Monday, April 4, 2011

More on Goose Island

Over the weekend there was an Op-Ed in the Chicago Tribune by John Hall, the CEO of Goose Island explaining the sale.

Apropos of what I said on Friday, here is Hall explaining AB's rationale:

But Anheuser-Busch didn't buy us to change us. It bought us because we can do things its people can't. They're megabig, so it's harder to get people who sell huge brands to really push new products. As in a lot of industries, it's the small guys who are really creative, because they have to be creative. That's what's made us what we are.

***

My executive team, including Greg, who's my son and our brewmaster, all agreed that Anheuser-Busch would be far and away the best alternative for us if it would agree to certain conditions. We didn't work 23 years to build what we have just to throw it away.

Goose Island had to remain an independent company, with me in charge, with brewing centered here in Chicago and with sales and marketing reporting up through me. And I would report to just one person in St. Louis.

In other words, we wanted to continue to do what we've done. And they agreed to that right away.

Also in the Trib is an article on the many other craft beer options local to Chicago reinforcing the notion that craft beer is not in peril. The article focuses on Two Brothers and Three Floyds, too bad they chose to ignore the Four Horsemen...

1 comment:

Dann Cutter said...

Reading between the lines, it looks like a good exit strategy to me.
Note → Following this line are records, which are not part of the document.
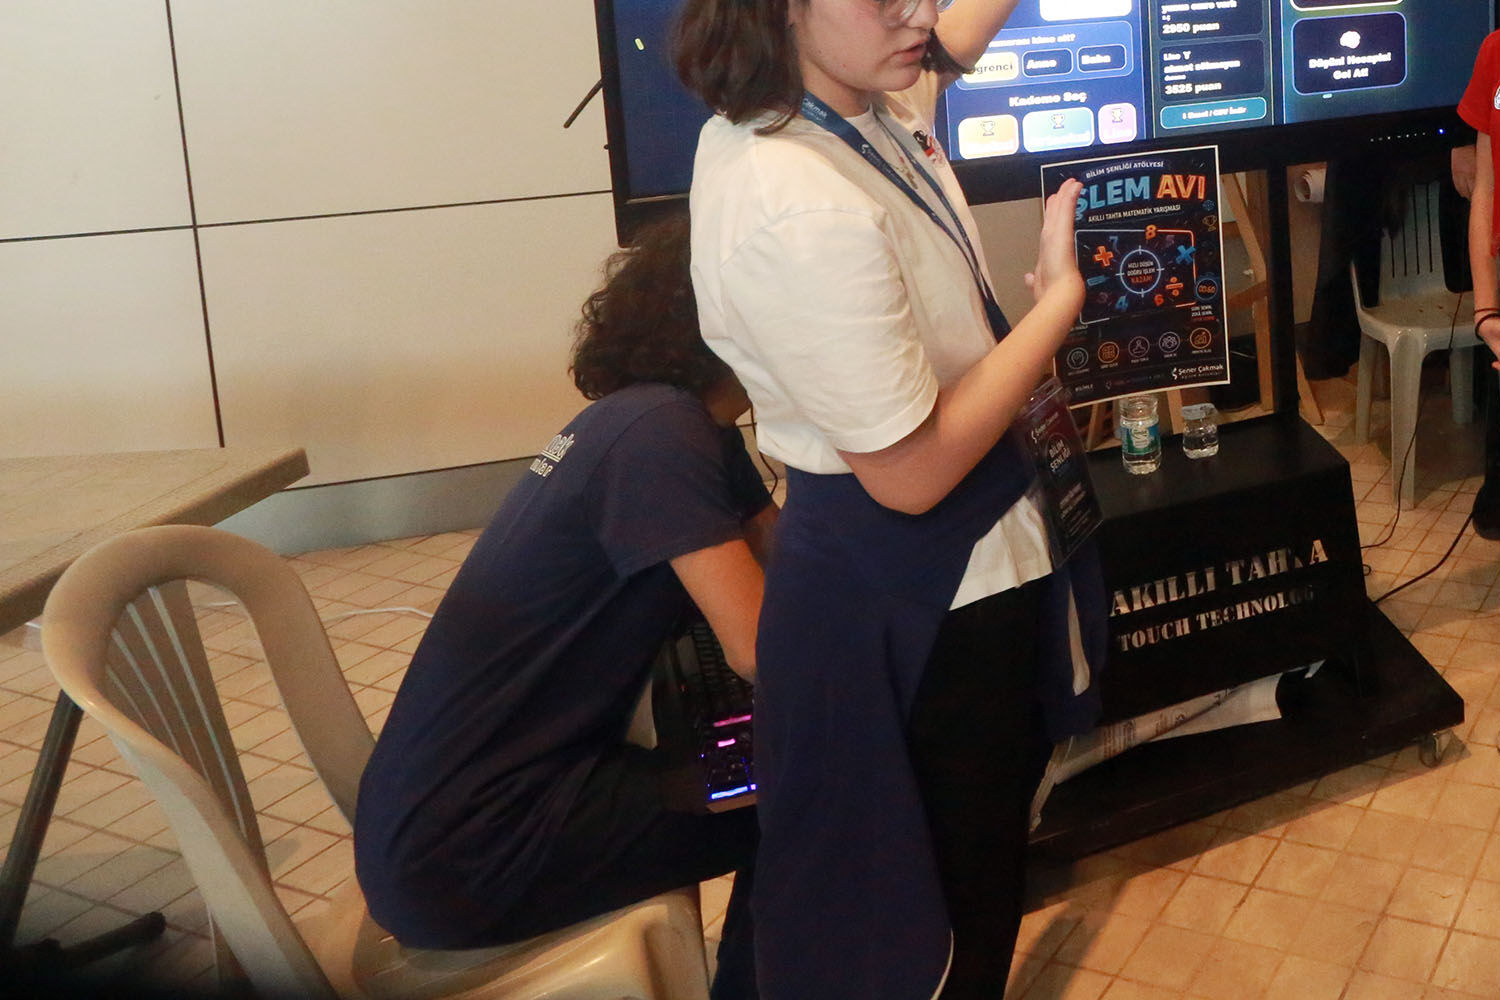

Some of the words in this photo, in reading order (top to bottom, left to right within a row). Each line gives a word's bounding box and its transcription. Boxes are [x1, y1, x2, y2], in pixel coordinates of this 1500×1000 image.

[1086, 168, 1105, 179] BİLİM
[1133, 160, 1164, 168] ATÖLYESİ
[1075, 175, 1150, 221] ŞLEM
[1156, 173, 1207, 200] AVI
[1110, 567, 1216, 617] AKILLI
[1225, 539, 1329, 586] TAHA
[1117, 616, 1192, 652] TOUCH
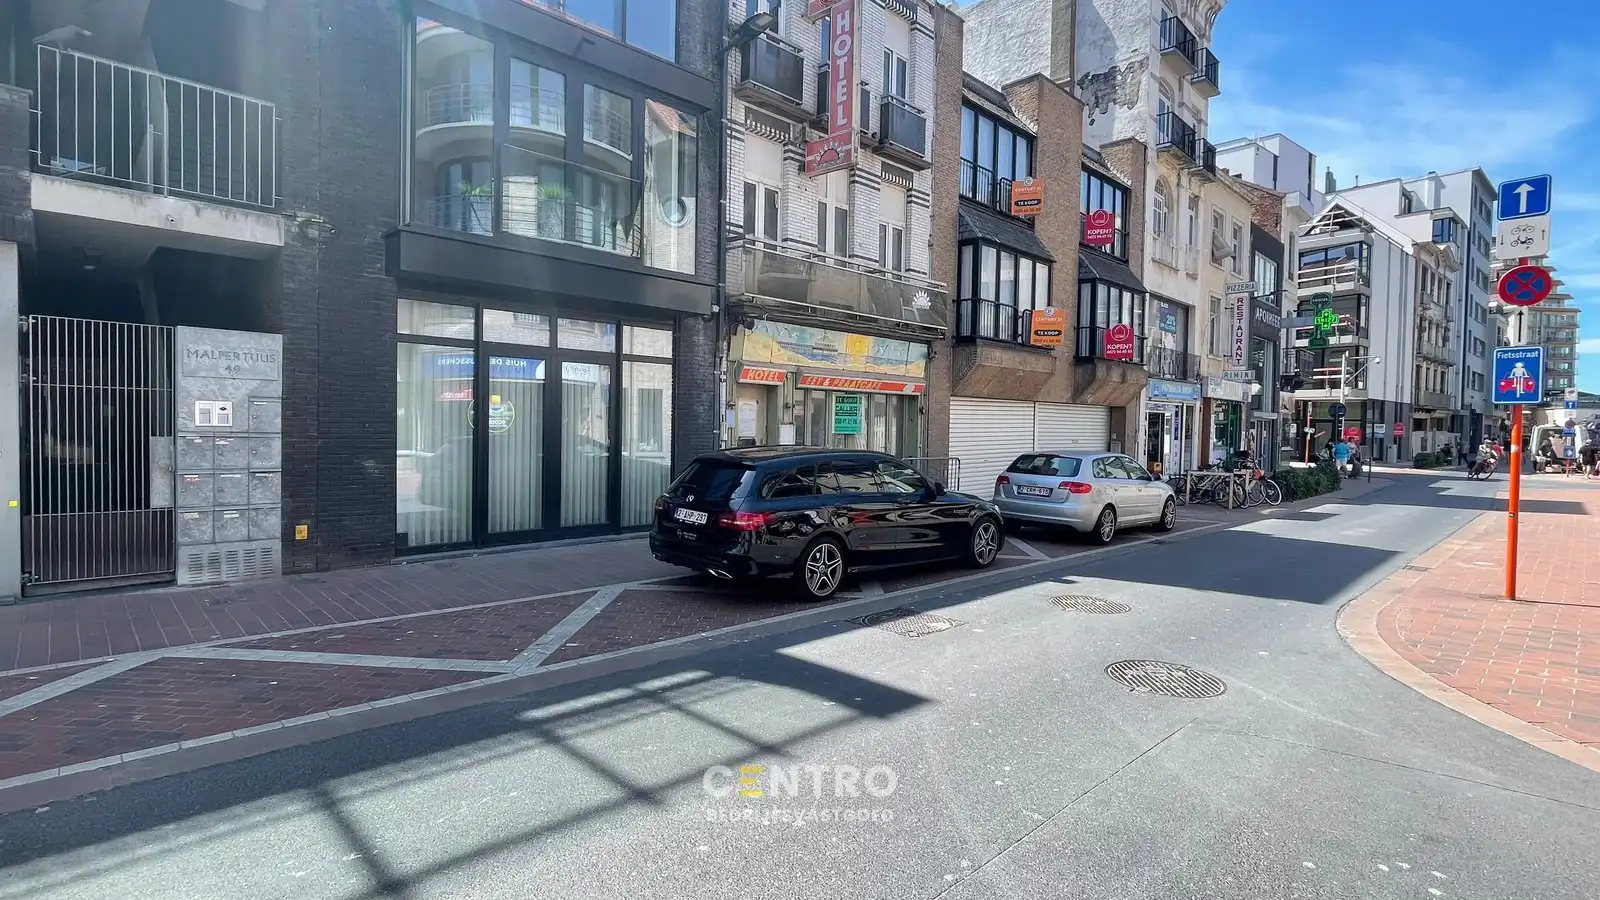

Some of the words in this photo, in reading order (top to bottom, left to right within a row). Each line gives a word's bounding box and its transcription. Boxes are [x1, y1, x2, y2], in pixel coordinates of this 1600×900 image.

[833, 9, 852, 127] HOTEL
[1226, 283, 1255, 292] PIZZERIA
[1235, 297, 1244, 365] RESTAURANT
[1497, 351, 1539, 359] Fietsstraat
[747, 369, 779, 382] HOTEL
[1223, 371, 1254, 379] RIMINI
[806, 376, 822, 385] EET
[823, 378, 831, 386] &
Often forgotten in the aspect of creating a large business is that at the end of the day, people would rather do their own thing than work. John Hall may view this as how he wants to end his days (I could only hope to be so lucky), but it's clear his son Greg was looking for a midlife change.
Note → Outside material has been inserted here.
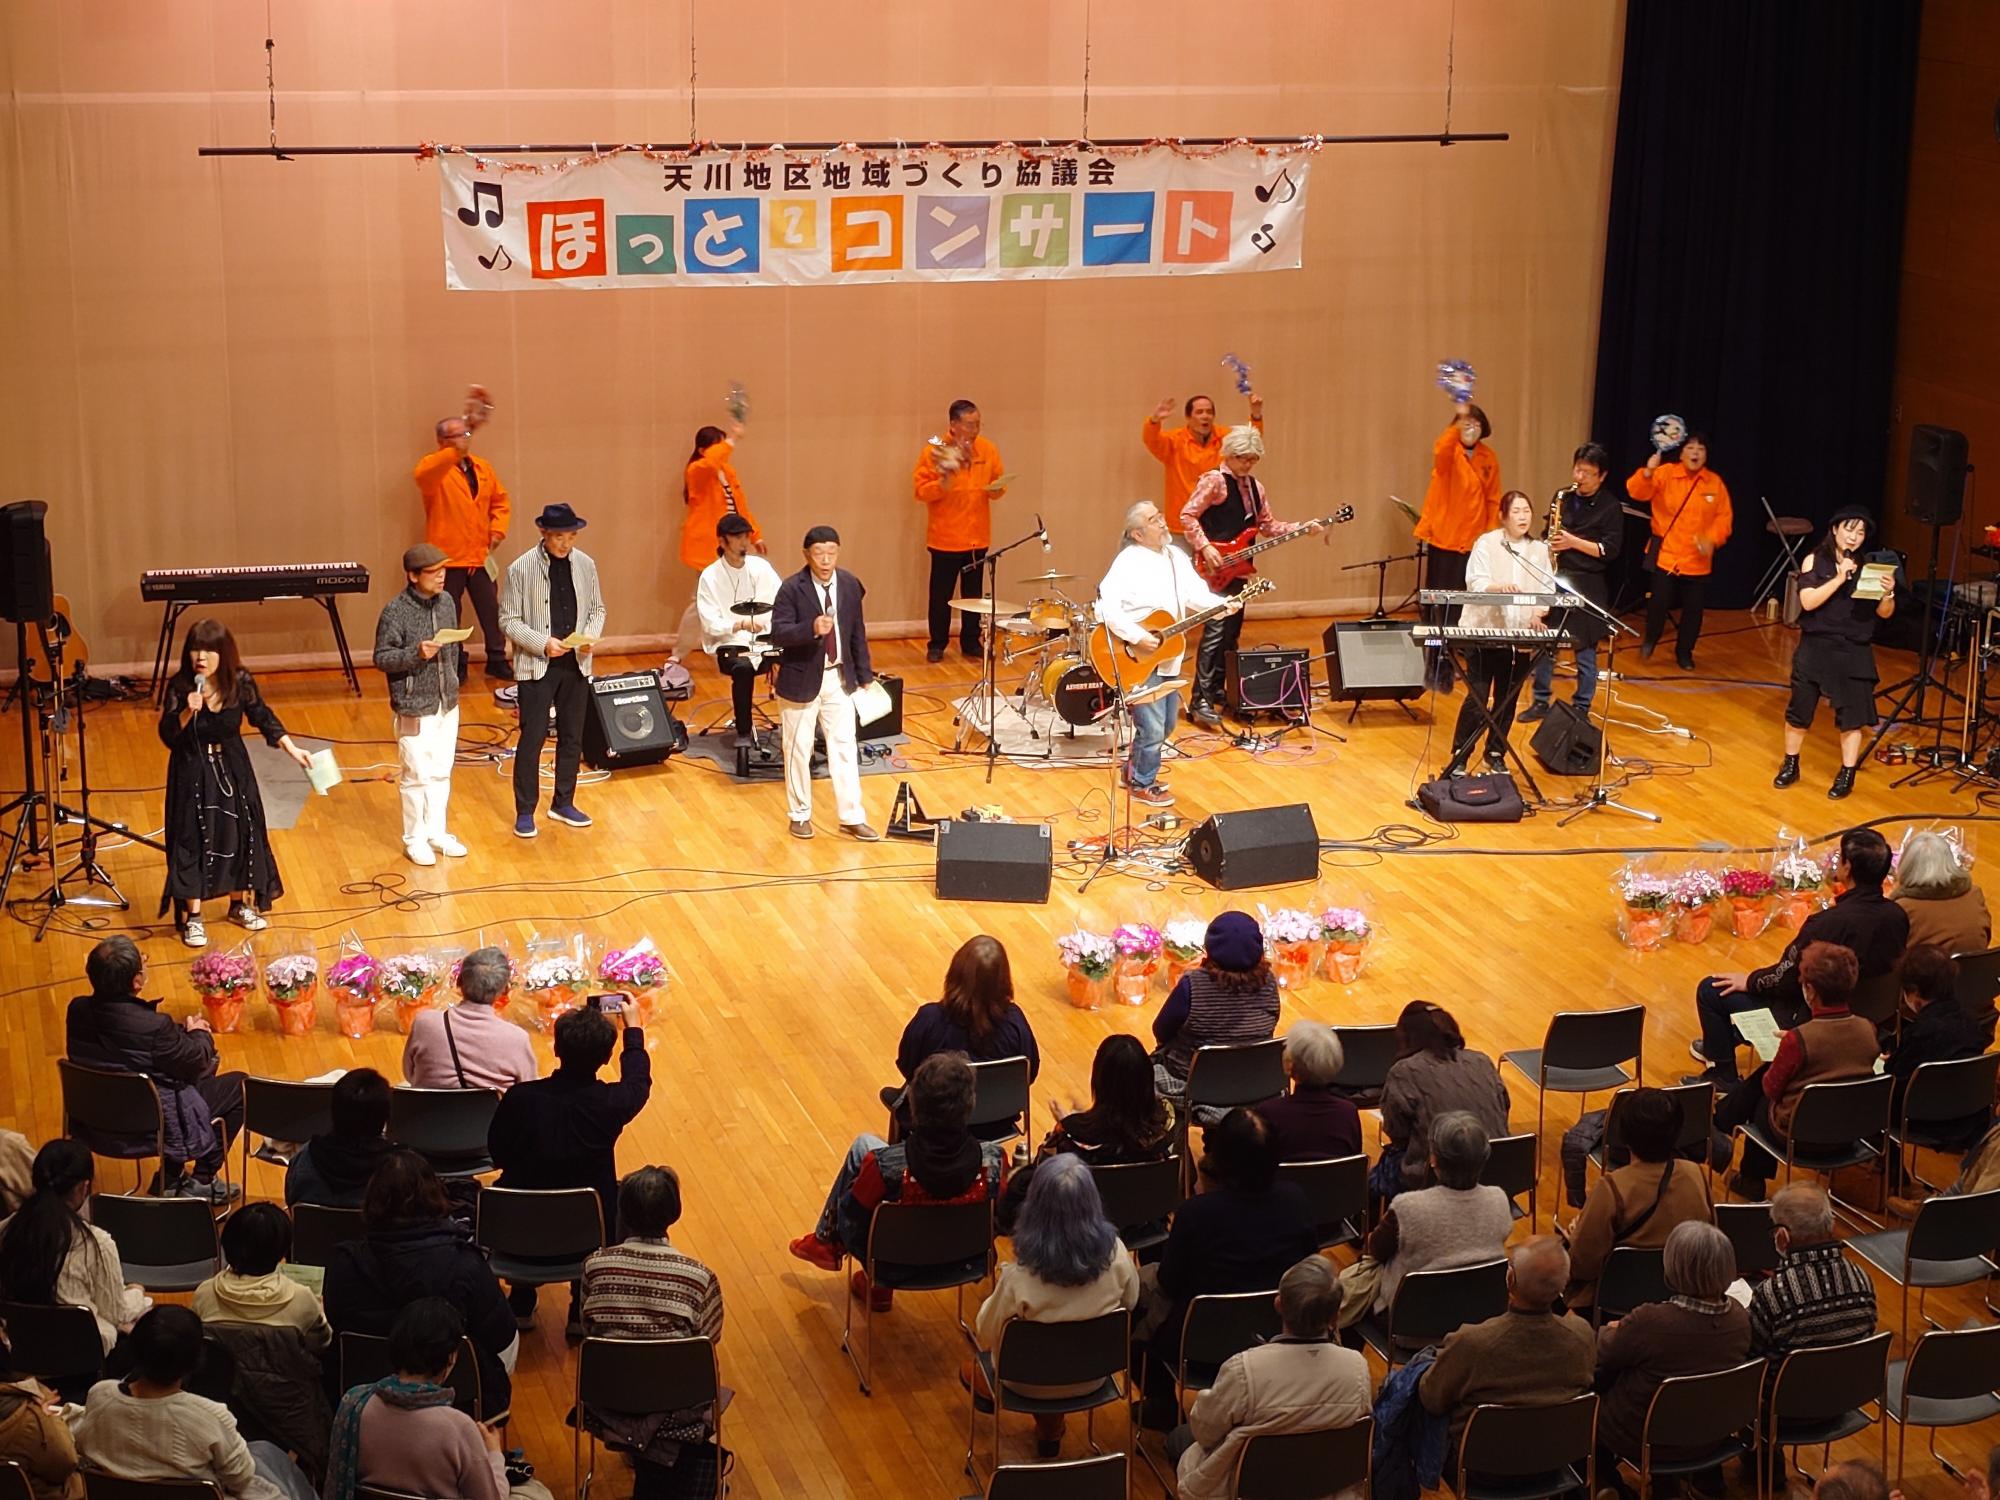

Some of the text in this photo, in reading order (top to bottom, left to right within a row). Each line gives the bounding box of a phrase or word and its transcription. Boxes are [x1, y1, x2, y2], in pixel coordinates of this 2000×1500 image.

John wants Goose to grow, but clearly Greg was a driving factor in the agreement.

The real question is not 'did they sell out', but what happens when breweries' founders are done. Clearly Greg didn't found Goose, but his hand has been instrumental in its style in recent years; AB didn't buy him, they bought him out - likely to become a competitor.
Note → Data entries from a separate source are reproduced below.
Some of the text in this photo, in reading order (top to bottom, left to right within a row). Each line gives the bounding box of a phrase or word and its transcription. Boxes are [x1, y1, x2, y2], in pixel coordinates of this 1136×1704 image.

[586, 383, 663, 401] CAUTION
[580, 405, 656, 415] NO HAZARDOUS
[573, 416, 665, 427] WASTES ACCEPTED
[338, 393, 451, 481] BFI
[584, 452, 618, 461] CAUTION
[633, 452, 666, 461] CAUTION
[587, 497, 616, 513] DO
But this is OK. In fact, we should expect more of it. Until the Asian market really opens up - and it will - the big brewers have a highly competitive saturated US market in which growth is likely to come from small craft products which become popular. The return on investment is good but more risky; but at the same time, the dollar amounts are very small comparatively. And it retains for us a niche product which can remain somewhat innovative.

Goose will get bigger, but I think their days of driving brands are done with Greg leaving. That is okay, they can still shoot from the hip now and then, and maybe get lucky; but they'll have a solid and expanded base in which to generate a nice return and less stress for all involved. At the end of the day, John can retire when it is no longer fun, and Greg likely walked off with a nice chunk of that buyout to start something new.

The interesting piece of this should be a discussion of how we expect others to exit as well? Anyone who starts a business and doesn't know how they'll leave is foolish... 'cause we all leave in the end. And we are hitting the time when some of these folks have been around a while.